==== Entries shown ====

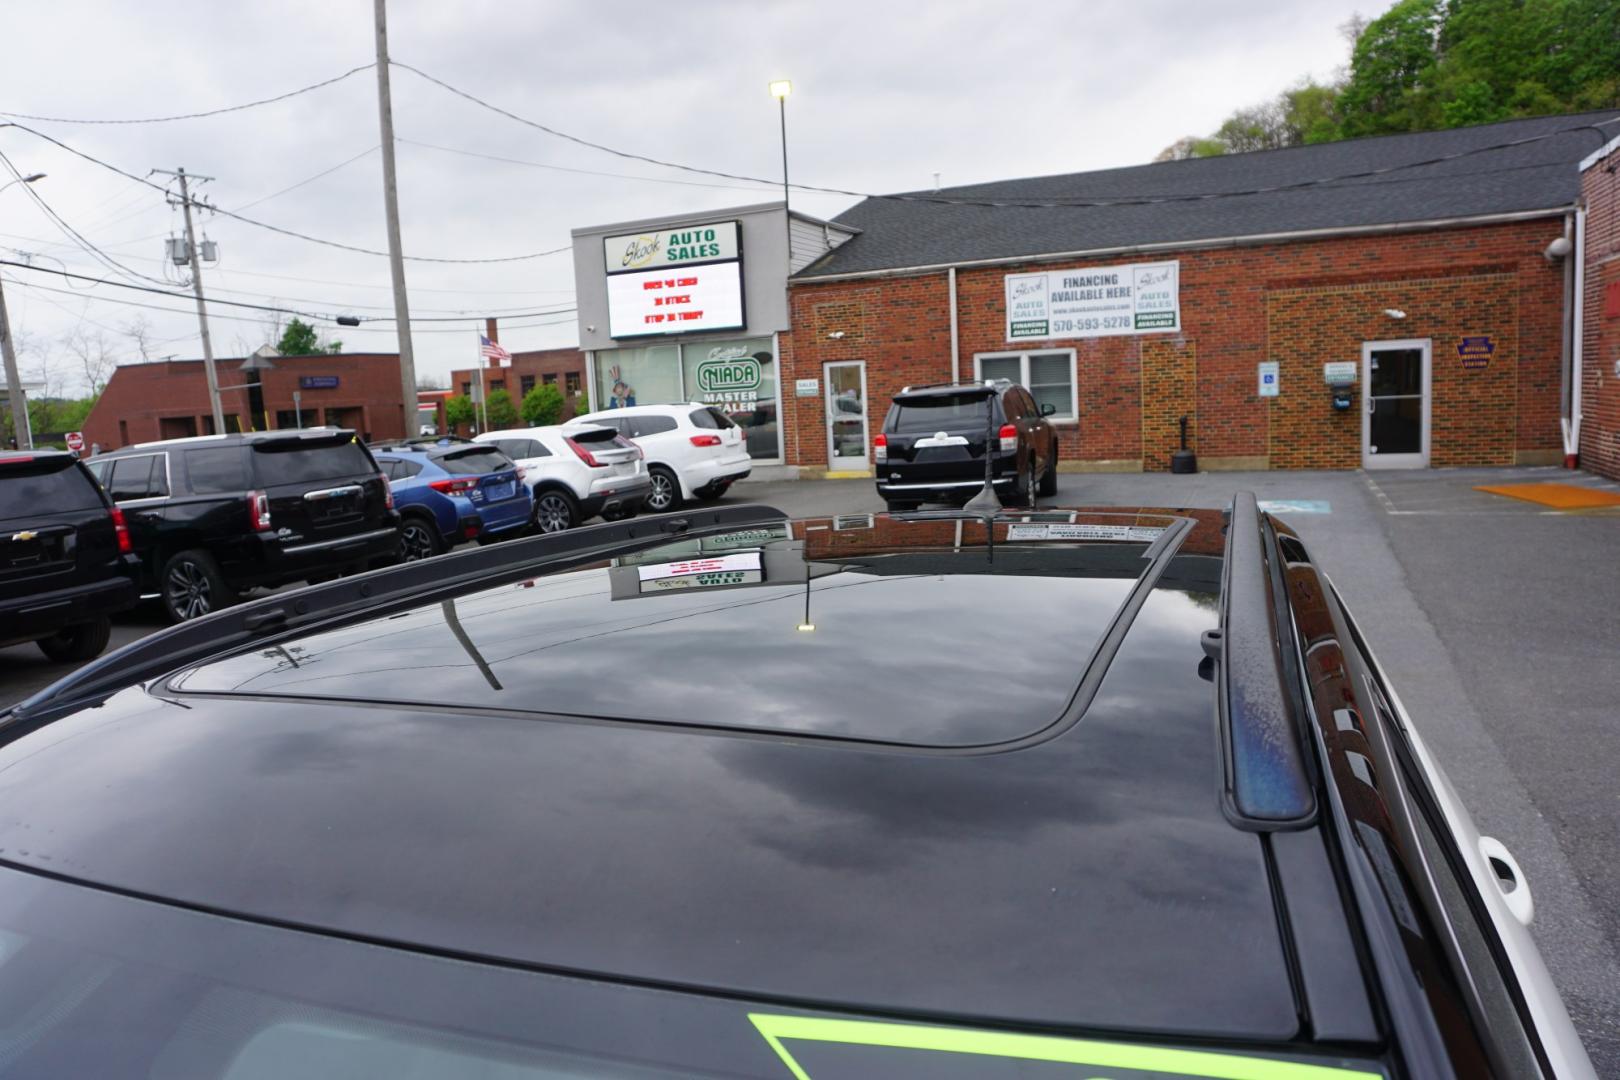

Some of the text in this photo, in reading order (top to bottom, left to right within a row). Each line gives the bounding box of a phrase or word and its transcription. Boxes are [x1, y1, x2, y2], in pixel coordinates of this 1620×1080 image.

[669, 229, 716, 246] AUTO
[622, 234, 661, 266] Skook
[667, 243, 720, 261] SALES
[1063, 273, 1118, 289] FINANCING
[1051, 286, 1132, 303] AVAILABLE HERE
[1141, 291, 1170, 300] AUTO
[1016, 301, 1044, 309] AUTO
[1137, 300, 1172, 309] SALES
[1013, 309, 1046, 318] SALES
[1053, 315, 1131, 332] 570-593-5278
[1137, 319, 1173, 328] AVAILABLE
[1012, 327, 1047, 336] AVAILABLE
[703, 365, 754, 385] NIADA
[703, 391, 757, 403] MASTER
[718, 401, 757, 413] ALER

====

To do => All lines of the listing must be given again exactly, excluding the pictures.

Answer space =>
Some of the text in this photo, in reading order (top to bottom, left to right within a row). Each line gives the bounding box of a phrase or word and its transcription. Boxes are [x1, y1, x2, y2], in pixel coordinates of this 1620×1080 image.

[669, 229, 716, 246] AUTO
[622, 234, 661, 266] Skook
[667, 243, 720, 261] SALES
[1063, 273, 1118, 289] FINANCING
[1051, 286, 1132, 303] AVAILABLE HERE
[1141, 291, 1170, 300] AUTO
[1016, 301, 1044, 309] AUTO
[1137, 300, 1172, 309] SALES
[1013, 309, 1046, 318] SALES
[1053, 315, 1131, 332] 570-593-5278
[1137, 319, 1173, 328] AVAILABLE
[1012, 327, 1047, 336] AVAILABLE
[703, 365, 754, 385] NIADA
[703, 391, 757, 403] MASTER
[718, 401, 757, 413] ALER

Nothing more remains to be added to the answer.